[[ Dataset excerpts open ]]

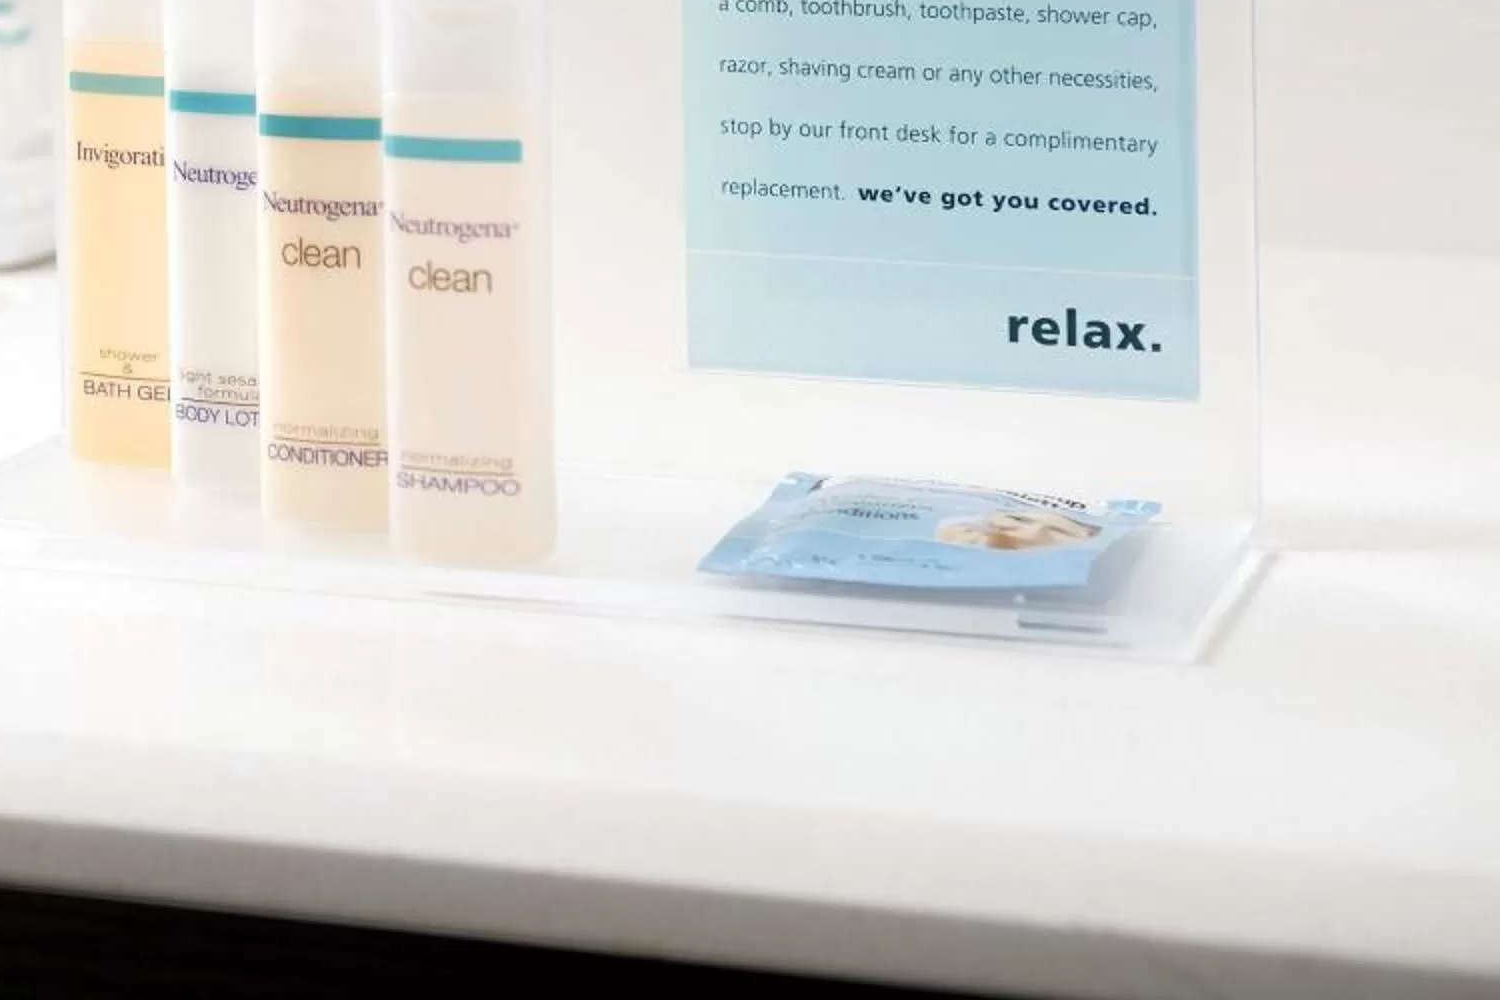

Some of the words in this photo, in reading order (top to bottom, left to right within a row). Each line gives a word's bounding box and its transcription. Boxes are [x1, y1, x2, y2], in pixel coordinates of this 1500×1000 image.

[918, 1, 1031, 25] toothpaste,
[1036, 4, 1111, 27] shower
[1116, 11, 1158, 32] cap,
[718, 57, 773, 78] razor,
[778, 57, 851, 83] shaving
[856, 64, 916, 82] cream
[921, 66, 943, 82] or
[948, 67, 985, 88] any
[988, 65, 1043, 87] other
[1048, 69, 1159, 94] necessities,
[719, 117, 763, 140] stop
[767, 116, 793, 144] by
[798, 122, 834, 140] our
[839, 119, 890, 142] front
[895, 123, 942, 145] desk
[946, 125, 979, 145] for
[984, 130, 998, 148] a
[1003, 128, 1160, 159] complimentary
[720, 177, 846, 203] replacement.
[857, 185, 933, 207] we’ve
[939, 189, 985, 212] got
[990, 193, 1040, 214] you
[1046, 196, 1158, 218] covered.
[281, 236, 361, 269] clean
[408, 260, 493, 293] clean
[1007, 307, 1162, 353] relax.
[99, 348, 160, 362] shower
[122, 362, 133, 374] &
[83, 379, 132, 400] BATH
[175, 403, 220, 424] BODY
[273, 423, 380, 440] normalizing
[267, 443, 388, 468] CONDITIONER
[401, 451, 514, 471] normalizing
[396, 471, 522, 496] SHAMPOO
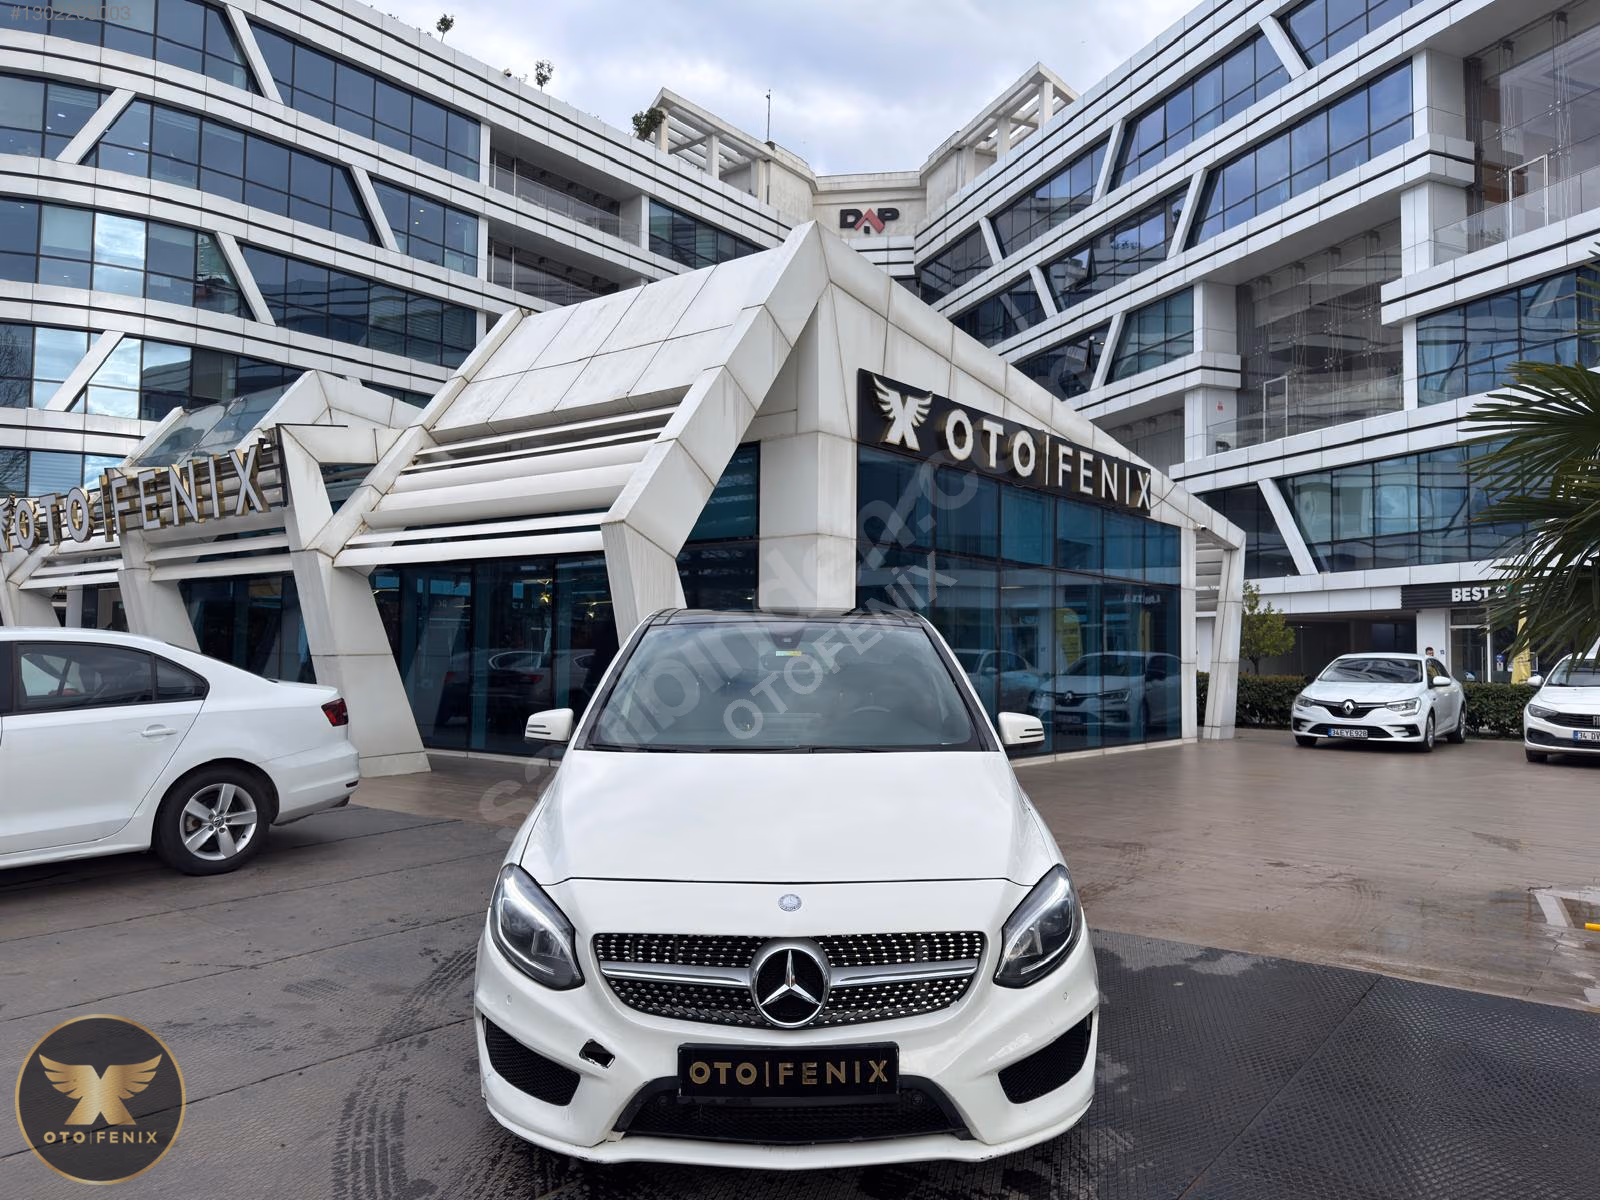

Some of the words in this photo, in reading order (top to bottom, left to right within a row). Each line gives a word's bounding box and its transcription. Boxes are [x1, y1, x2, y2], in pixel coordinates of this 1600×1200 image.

[945, 408, 1036, 477] OTO
[1057, 443, 1151, 510] FENIX
[15, 487, 90, 550] OTO
[110, 444, 266, 537] FENIX
[1451, 586, 1491, 602] BEST
[689, 1061, 757, 1086] OTO
[778, 1060, 888, 1085] FENIX
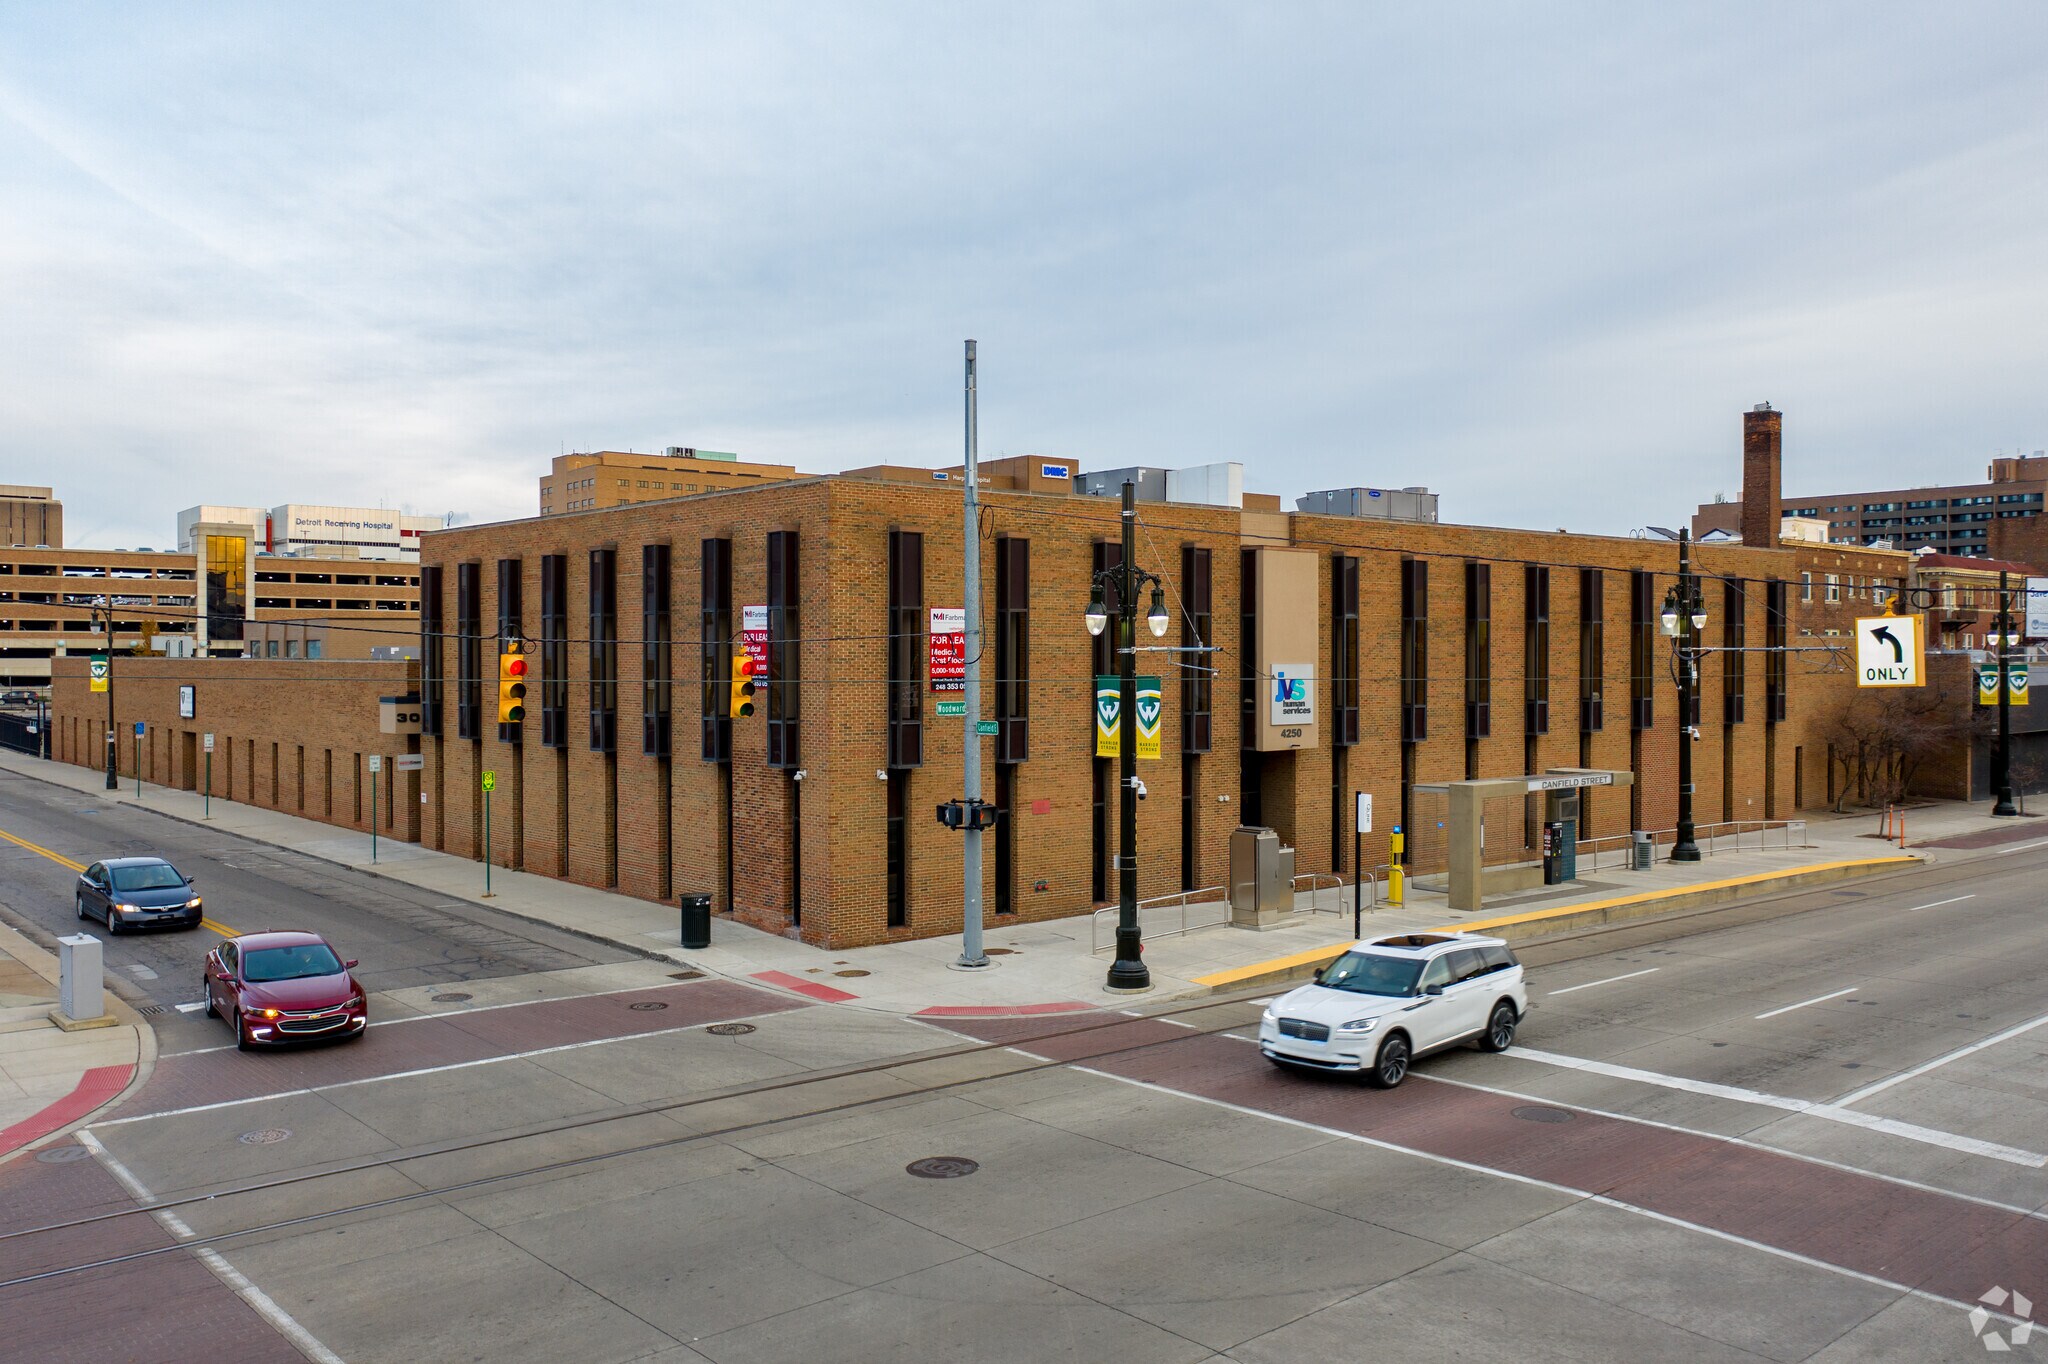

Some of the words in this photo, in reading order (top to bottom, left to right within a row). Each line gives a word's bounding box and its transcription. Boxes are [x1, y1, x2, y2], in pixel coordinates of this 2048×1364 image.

[1044, 466, 1068, 478] DMC
[296, 518, 322, 527] Detroit
[324, 519, 360, 529] Receiving
[363, 522, 393, 530] Hospital
[1866, 667, 1908, 681] ONLY
[1275, 672, 1305, 702] jvs
[1281, 728, 1302, 738] 4250
[1542, 779, 1579, 789] CANFIELD
[1581, 776, 1608, 785] STREET
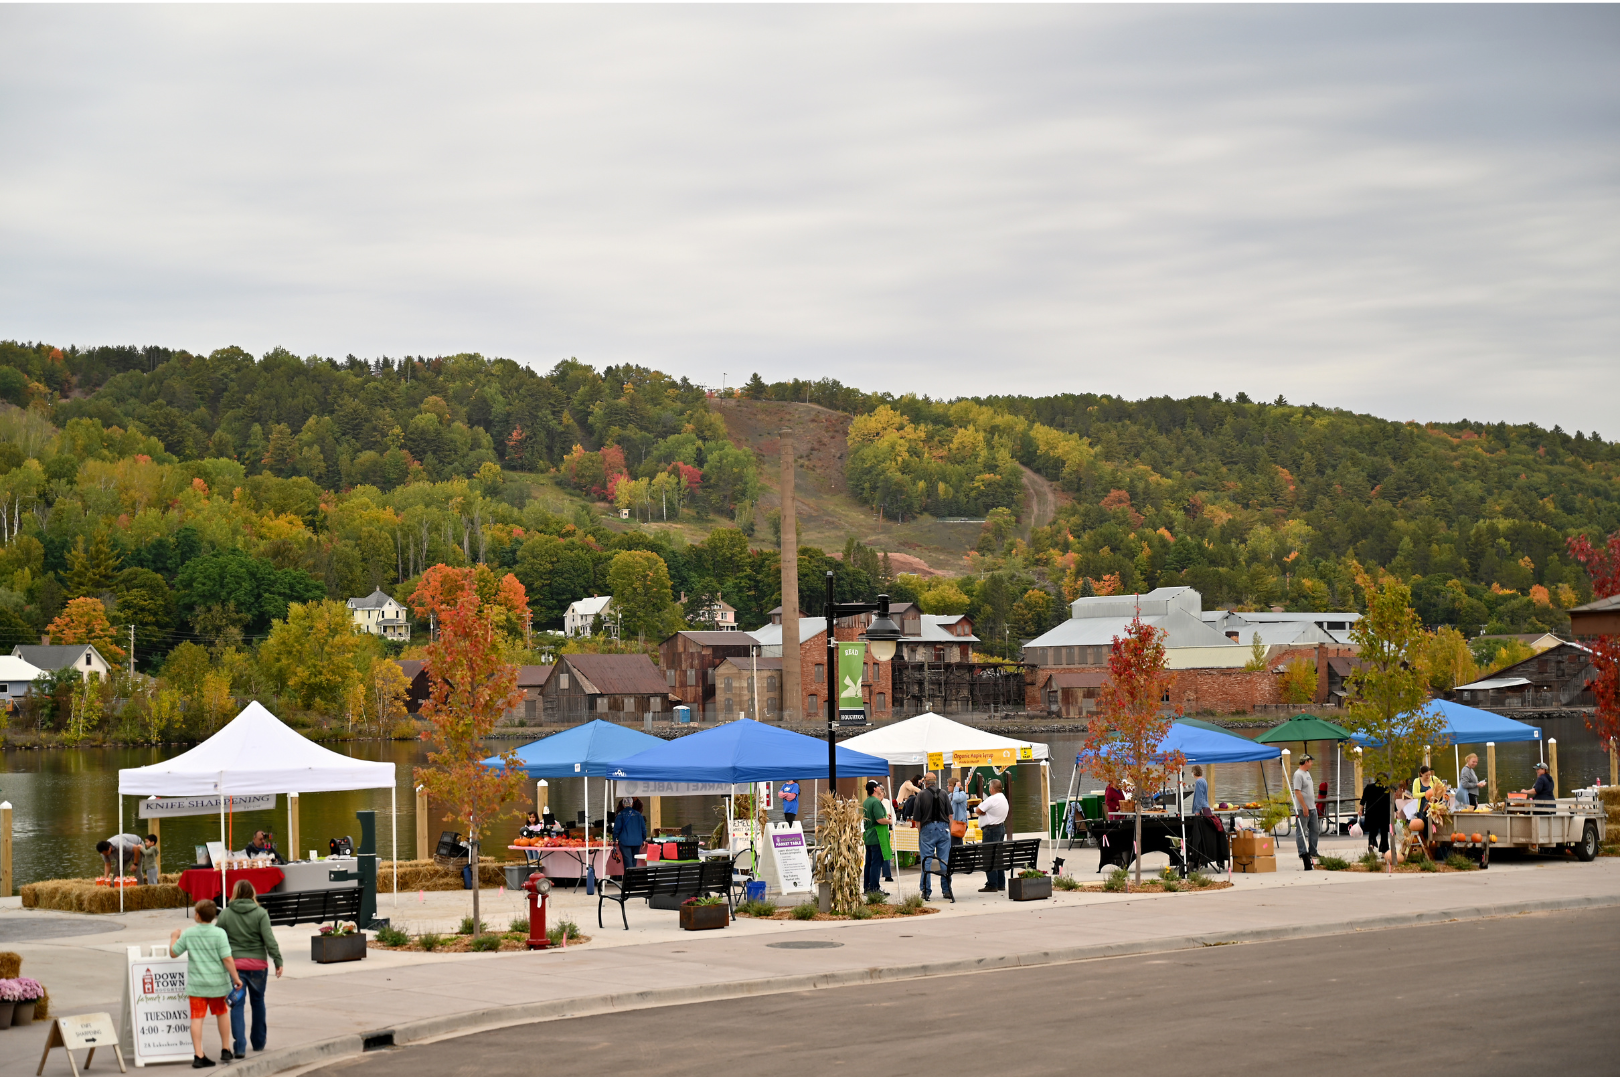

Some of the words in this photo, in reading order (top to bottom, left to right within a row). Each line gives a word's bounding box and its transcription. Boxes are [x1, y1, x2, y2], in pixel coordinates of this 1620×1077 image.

[[ Dataset excerpts closed ]]

Your task
Pictures in the records must not appear in the copy; transcribe everything else precisely.

Your response
Some of the words in this photo, in reading order (top to bottom, left to right within a row). Each line gives a word's bounding box and its transcription. Boxes are [x1, y1, x2, y2], in pixel coordinates of this 1500×1000 image.

[918, 1, 1031, 25] toothpaste,
[1036, 4, 1111, 27] shower
[1116, 11, 1158, 32] cap,
[718, 57, 773, 78] razor,
[778, 57, 851, 83] shaving
[856, 64, 916, 82] cream
[921, 66, 943, 82] or
[948, 67, 985, 88] any
[988, 65, 1043, 87] other
[1048, 69, 1159, 94] necessities,
[719, 117, 763, 140] stop
[767, 116, 793, 144] by
[798, 122, 834, 140] our
[839, 119, 890, 142] front
[895, 123, 942, 145] desk
[946, 125, 979, 145] for
[984, 130, 998, 148] a
[1003, 128, 1160, 159] complimentary
[720, 177, 846, 203] replacement.
[857, 185, 933, 207] we’ve
[939, 189, 985, 212] got
[990, 193, 1040, 214] you
[1046, 196, 1158, 218] covered.
[281, 236, 361, 269] clean
[408, 260, 493, 293] clean
[1007, 307, 1162, 353] relax.
[99, 348, 160, 362] shower
[122, 362, 133, 374] &
[83, 379, 132, 400] BATH
[175, 403, 220, 424] BODY
[273, 423, 380, 440] normalizing
[267, 443, 388, 468] CONDITIONER
[401, 451, 514, 471] normalizing
[396, 471, 522, 496] SHAMPOO

Some of the words in this photo, in reading order (top to bottom, left to right within a row). Each line gives a word's bounding box and its transcription. Boxes are [x1, y1, x2, y2], in pixel coordinates of this 1600×1200 image.

[945, 408, 1036, 477] OTO
[1057, 443, 1151, 510] FENIX
[15, 487, 90, 550] OTO
[110, 444, 266, 537] FENIX
[1451, 586, 1491, 602] BEST
[689, 1061, 757, 1086] OTO
[778, 1060, 888, 1085] FENIX

Some of the words in this photo, in reading order (top to bottom, left to right within a row). Each line gives a word's bounding box and its transcription. Boxes are [x1, y1, x2, y2], in pixel coordinates of this 2048×1364 image.

[1044, 466, 1068, 478] DMC
[296, 518, 322, 527] Detroit
[324, 519, 360, 529] Receiving
[363, 522, 393, 530] Hospital
[1866, 667, 1908, 681] ONLY
[1275, 672, 1305, 702] jvs
[1281, 728, 1302, 738] 4250
[1542, 779, 1579, 789] CANFIELD
[1581, 776, 1608, 785] STREET

Some of the words in this photo, in reading order (top to bottom, left to right within a row). Each line gives a word's bounding box and its transcription. Boxes are [x1, y1, x2, y2], in pixel coordinates of this 1620×1077 image.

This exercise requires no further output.